Халупецкий к нам попал не по официальным каналам, он не говорил по-русски и пришел с переводчицей. Когда Эдик стал показывать картины, я ощутила, что между ними возник внутренний контакт. Можно сказать, что Халупецкий понял все задачи, которые стояли перед Эдиком в тот момент. Более того, он предсказал дальнейший путь развития художника, к чему он придет в плане формы.
В этот период Эдик динамично развивался как живописец. Например, он уже не записывал холст целиком, а оставлял некоторое пространство — границы или грани между мирами. Каждой линией он определял эти грани и видел за этим уже следующий, новый уровень… Пока это было еще не совсем то «геометрическое», ставшее затем почерком Эдика, но Йиндржих первым уловил в работах метафизический посыл.
Два года спустя Халупецкий приехал по частному приглашению в Москву. Вместе с ним прибыла диапозитивная коллекция современного западного искусства, что было очень важно в то время: он хотел познакомить узкий круг московского андеграунда с проблемами западного искусства. Мы устроили в его честь ужин, на который я пригласила близких нам в ту пору художников: Илью Кабакова, Виктора Пивоварова, наших друзей Феликса Светова и его жену Зою Крахмальникову, писателя Володю Максимова… Максимов отговаривал Эдика (и прежде всего Илью) от эмиграции, и за ужином разгорелся конфликт по поводу возможности русского художника и писателя эмигрировать. Сам Володя готовился к отъезду.
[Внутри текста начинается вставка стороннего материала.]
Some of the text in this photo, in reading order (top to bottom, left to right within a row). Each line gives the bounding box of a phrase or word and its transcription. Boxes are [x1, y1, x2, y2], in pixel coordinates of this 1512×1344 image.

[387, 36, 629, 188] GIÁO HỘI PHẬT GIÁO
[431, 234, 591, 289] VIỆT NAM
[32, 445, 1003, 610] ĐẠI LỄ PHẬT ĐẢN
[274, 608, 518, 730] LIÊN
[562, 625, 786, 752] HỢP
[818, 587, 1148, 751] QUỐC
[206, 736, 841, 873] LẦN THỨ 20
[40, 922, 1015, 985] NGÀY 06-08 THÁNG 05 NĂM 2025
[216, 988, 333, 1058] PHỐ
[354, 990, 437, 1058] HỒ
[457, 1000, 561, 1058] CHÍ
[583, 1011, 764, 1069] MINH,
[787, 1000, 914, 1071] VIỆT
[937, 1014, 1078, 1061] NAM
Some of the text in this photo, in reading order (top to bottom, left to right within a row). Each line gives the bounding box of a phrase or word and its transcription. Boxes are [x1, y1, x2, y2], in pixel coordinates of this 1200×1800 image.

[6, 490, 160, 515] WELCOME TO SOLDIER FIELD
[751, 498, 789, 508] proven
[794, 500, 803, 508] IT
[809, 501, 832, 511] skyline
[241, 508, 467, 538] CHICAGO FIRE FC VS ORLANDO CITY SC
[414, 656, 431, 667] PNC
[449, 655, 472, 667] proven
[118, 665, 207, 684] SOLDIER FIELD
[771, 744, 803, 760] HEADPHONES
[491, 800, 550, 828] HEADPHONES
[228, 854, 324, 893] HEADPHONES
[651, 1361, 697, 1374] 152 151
Кстати, именно Йиндржих дал имя «Сретенский бульвар» художественному объединению, в которое входили все эти художники: по этому адресу располагалась мастерская Кабакова, в которой мы тогда часто собирались…
«Искусство открывает третий размер, который не имеет названия: образно выражаясь, это размер глубины», — писал Халупецкий Штейнбергу в 1971 году. Их переписка будет опубликована в каталоге, который готовится в Праге к выставке Эдика. Помимо писем Халупецкий посылал нам с каждой оказией книги по искусству. Почти все полюбившиеся ему художники стали бесплатными подписчиками журнала Výtvarné umění вплоть до его закрытия в связи с советской оккупацией.
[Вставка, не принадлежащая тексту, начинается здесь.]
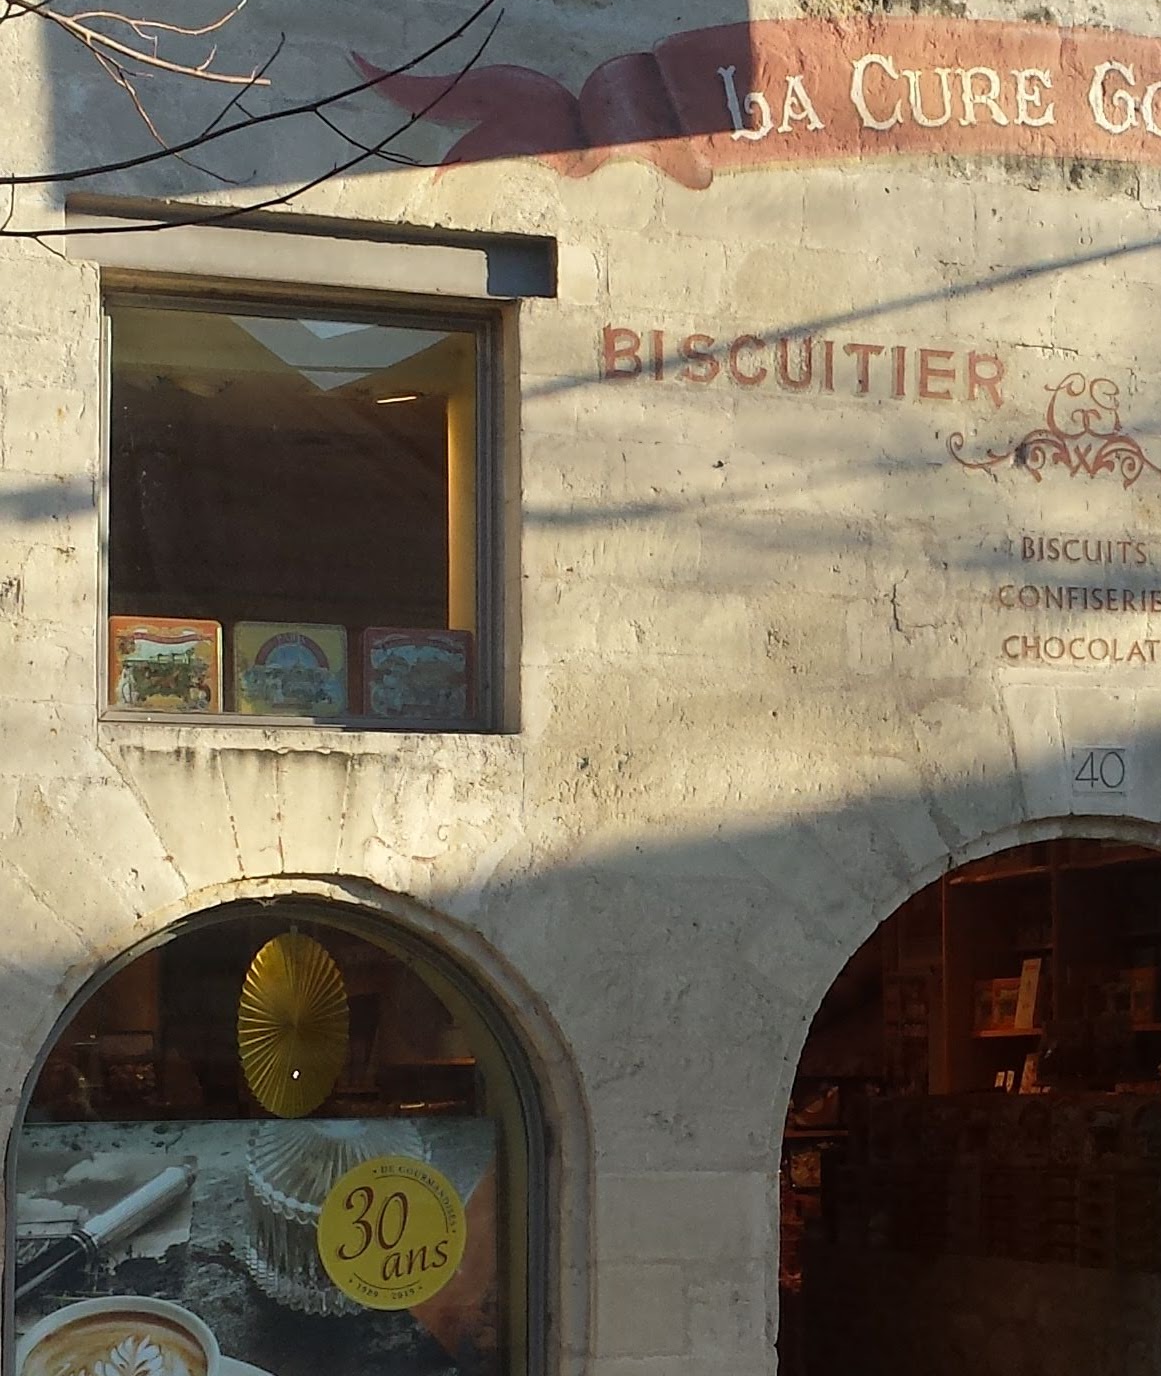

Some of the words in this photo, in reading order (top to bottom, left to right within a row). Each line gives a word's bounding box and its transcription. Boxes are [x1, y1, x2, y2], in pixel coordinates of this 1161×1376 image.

[717, 64, 825, 141] LA
[850, 53, 1056, 130] CURE
[602, 325, 1006, 407] BISCUITIER
[1021, 536, 1149, 565] BISCUITS
[1074, 751, 1127, 790] 40
[337, 1185, 409, 1261] 30
[382, 1239, 449, 1281] ans
Ущемленность положения Эдика к концу 1960-х гг. переросла в чувство собственного достоинства; его позиция оставаться свободным в своих поисках стала программной. Эта благая трансформация мне видится как итог плодотворного общения с чехами. Как в двадцатые годы чехи первыми пришли на помощь русским эмигрантам, так и в период «подполья» в правление Хрущева и Брежнева с поддержкой художников первой выступила Прага.
В Праге
— Я приехала в Чехословакию летом 1973 года. На тот момент Халупецкий помог продать две работы Эдика в Фонд современного искусства Йиржи Колларжа. То есть нас ждали еще и небольшие деньги, что было немаловажно, так как материальная наша жизнь была очень непроста в те времена: редкие покупатели, моя скромная зарплата. Нас пригласили вместе, но Эдика не выпустили. Я не хотела без него ехать, но он буквально меня вытолкнул. И я потом была ему благодарна — настолько меня всю окутал этот необыкновенный город.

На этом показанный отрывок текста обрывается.